In this course, we will take up questions central to a liberal education, that is, the education worthy of a free person. Those questions are the makeup of the human soul, the nature of happiness, the connection between virtue and political action, the role of poetry in teaching virtue and the connection between personal happiness and the polity to which the individual belongs. Addressing such questions will establish a foundation from which to consider these questions as they are taken up by other great writers of later periods.
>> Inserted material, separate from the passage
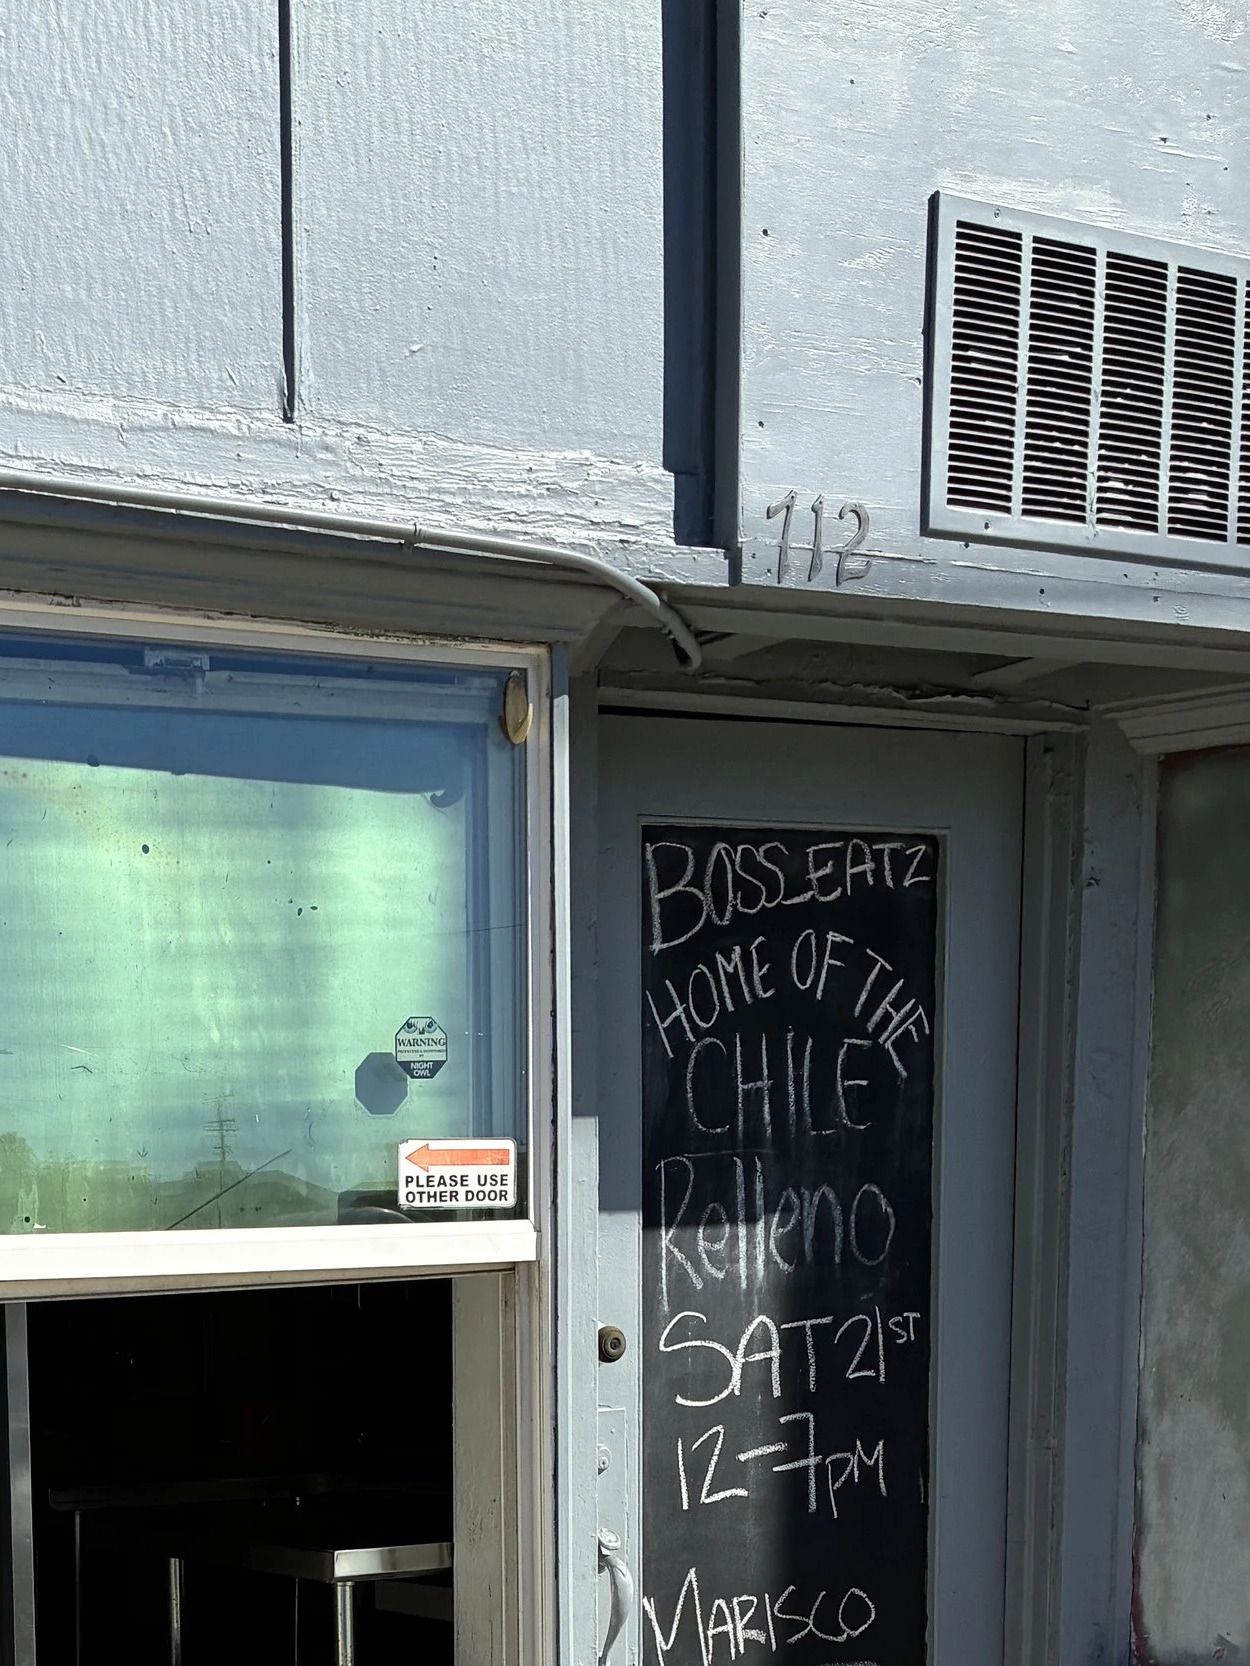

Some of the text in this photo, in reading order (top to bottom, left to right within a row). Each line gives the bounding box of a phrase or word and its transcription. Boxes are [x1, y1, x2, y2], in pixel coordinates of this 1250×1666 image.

Indeed, at the end of the course, we will take up Shakespeare's Tempest in order to reflect on the difference between the way the ancients sifted these questions and the way Shakespeare does.

Along the way, we will hit some of the great moments in Greek literature-the meeting between Priam and Achilles in the midst of the Trojan War, the victory of the Greeks over the Persians at the Battle of Salamis, the Funeral Oration of Pericles and the destruction of the Athenian army in Sicily, Socrates being lowered to earth in a basket, the story of Theuth, and the rich tentativeness of Socrates' remark, as he decides to leave behind a simple city in favor of a city with philosophical leisure afforded to some, "Perhaps it is for the best."

We will read the following works in whole or in part: Homer's Iliad, Herodotus' Persian Wars, Thucydides' History of the Peloponnesian War, Aristophanes The Clouds, several dialogues of Plato (Apology, Meno, Gorgias, Republic, Phaedrus), and Shakespeare's The Tempest.